Las Vegas Sun

May 5, 2024

2 credit unions report smaller losses

Two big Nevada credit unions are reporting improved financial results as they ride out the recession that has yielded tens of millions of dollars in losses from loans gone bad.

Nevada Federal Credit Union, with some $693 million in loans and other assets, reported losing just $3.6 million during the first nine months of this year -- leaving it with a strong capital ratio of 9.3 percent.

The credit union, with 81,000 members, reported a year-to-date provision for loan and lease losses of $18.2 million.

Those numbers compare to a loss of $29.6 million with $37.6 million set aside for loan and lease losses in the first nine months of 2009.

CEO Brad Beal told credit union members in his latest financial update that Nevada Federal "continues to be successful despite local economic conditions" and that its capital ratio is among the best in the nation.

Silver State Schools Credit Union separately today said it lost $17 million in the first nine months of 2010, an improvement from the $40.9 million lost in the same period of 2009. Silver State ended 2009 with about 78,000 members.

Silver State, with loans and other assets of $754.8 million, continued to struggle with a capital ratio of 4.68 percent as of Sept. 30.

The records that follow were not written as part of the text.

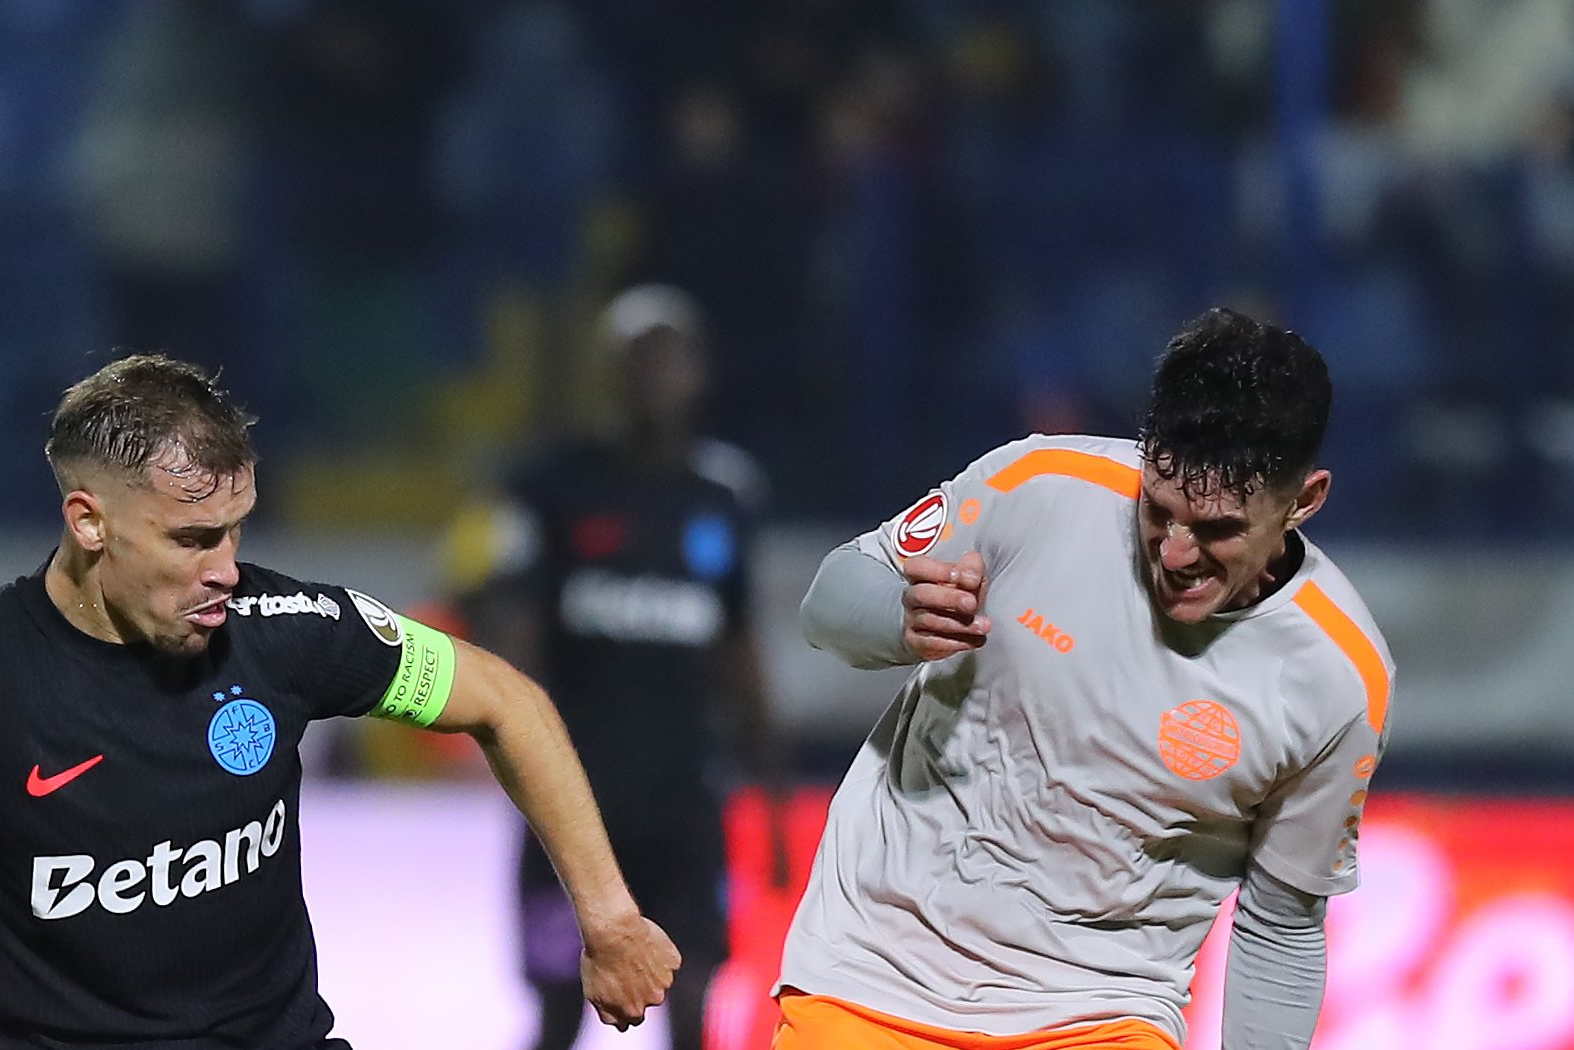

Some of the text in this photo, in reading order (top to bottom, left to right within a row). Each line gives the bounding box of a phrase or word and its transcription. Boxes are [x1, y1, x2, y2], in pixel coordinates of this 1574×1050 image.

[1017, 608, 1075, 653] JAKO
[394, 685, 407, 701] TO
[402, 633, 415, 682] RACISM
[413, 647, 435, 706] RESPECT
[30, 800, 286, 920] Betano

"The credit union has seen a marked improvement in earnings over the prior year. We have strategically improved our financial condition by applying cost-cutting measures including closing several branches, decreasing the balances of higher cost funds and implementing more effective credit collection efforts. Those improved collection efforts have reduced delinquencies by over $8 million from the first quarter of 2010. However, the level of unemployment in Nevada and the corresponding impact on problem loans will continue to hamper our efforts toward fully rebuilding our capital reserves for some time. In spite of these challenges the credit union is progressing steadily," CEO Dave Rhamy said in a statement.